__PROBLEM TO WORK ON__.
Would you restate all the entries exactly, leaving nothing out?

__DATA LISTING__.
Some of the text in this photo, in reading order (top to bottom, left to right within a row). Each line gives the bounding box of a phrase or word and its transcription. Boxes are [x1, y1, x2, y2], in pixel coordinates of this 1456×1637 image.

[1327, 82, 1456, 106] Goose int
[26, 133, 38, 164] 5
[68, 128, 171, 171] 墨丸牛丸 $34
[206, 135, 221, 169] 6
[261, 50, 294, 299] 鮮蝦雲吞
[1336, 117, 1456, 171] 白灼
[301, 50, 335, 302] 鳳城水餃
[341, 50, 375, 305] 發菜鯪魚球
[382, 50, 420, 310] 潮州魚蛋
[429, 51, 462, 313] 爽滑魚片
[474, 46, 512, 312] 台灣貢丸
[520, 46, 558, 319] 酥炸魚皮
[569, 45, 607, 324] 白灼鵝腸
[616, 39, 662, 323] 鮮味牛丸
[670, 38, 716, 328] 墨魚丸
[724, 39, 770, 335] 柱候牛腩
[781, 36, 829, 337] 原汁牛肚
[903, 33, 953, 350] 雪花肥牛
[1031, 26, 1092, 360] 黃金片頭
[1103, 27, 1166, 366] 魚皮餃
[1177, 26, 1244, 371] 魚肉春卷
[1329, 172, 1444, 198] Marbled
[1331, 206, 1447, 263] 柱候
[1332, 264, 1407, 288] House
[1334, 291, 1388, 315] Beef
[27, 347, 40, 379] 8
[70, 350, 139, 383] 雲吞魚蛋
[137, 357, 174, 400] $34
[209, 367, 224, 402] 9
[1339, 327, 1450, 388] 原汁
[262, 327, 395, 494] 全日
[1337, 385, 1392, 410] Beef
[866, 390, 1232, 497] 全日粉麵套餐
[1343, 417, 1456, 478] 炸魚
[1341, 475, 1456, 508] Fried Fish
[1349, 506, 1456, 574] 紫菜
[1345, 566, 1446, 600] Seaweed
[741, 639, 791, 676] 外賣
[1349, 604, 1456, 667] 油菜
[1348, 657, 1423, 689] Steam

__RESPONSE__.
Some of the text in this photo, in reading order (top to bottom, left to right within a row). Each line gives the bounding box of a phrase or word and its transcription. Boxes are [x1, y1, x2, y2], in pixel coordinates of this 1456×1637 image.

[1327, 82, 1456, 106] Goose int
[26, 133, 38, 164] 5
[68, 128, 171, 171] 墨丸牛丸 $34
[206, 135, 221, 169] 6
[261, 50, 294, 299] 鮮蝦雲吞
[1336, 117, 1456, 171] 白灼
[301, 50, 335, 302] 鳳城水餃
[341, 50, 375, 305] 發菜鯪魚球
[382, 50, 420, 310] 潮州魚蛋
[429, 51, 462, 313] 爽滑魚片
[474, 46, 512, 312] 台灣貢丸
[520, 46, 558, 319] 酥炸魚皮
[569, 45, 607, 324] 白灼鵝腸
[616, 39, 662, 323] 鮮味牛丸
[670, 38, 716, 328] 墨魚丸
[724, 39, 770, 335] 柱候牛腩
[781, 36, 829, 337] 原汁牛肚
[903, 33, 953, 350] 雪花肥牛
[1031, 26, 1092, 360] 黃金片頭
[1103, 27, 1166, 366] 魚皮餃
[1177, 26, 1244, 371] 魚肉春卷
[1329, 172, 1444, 198] Marbled
[1331, 206, 1447, 263] 柱候
[1332, 264, 1407, 288] House
[1334, 291, 1388, 315] Beef
[27, 347, 40, 379] 8
[70, 350, 139, 383] 雲吞魚蛋
[137, 357, 174, 400] $34
[209, 367, 224, 402] 9
[1339, 327, 1450, 388] 原汁
[262, 327, 395, 494] 全日
[1337, 385, 1392, 410] Beef
[866, 390, 1232, 497] 全日粉麵套餐
[1343, 417, 1456, 478] 炸魚
[1341, 475, 1456, 508] Fried Fish
[1349, 506, 1456, 574] 紫菜
[1345, 566, 1446, 600] Seaweed
[741, 639, 791, 676] 外賣
[1349, 604, 1456, 667] 油菜
[1348, 657, 1423, 689] Steam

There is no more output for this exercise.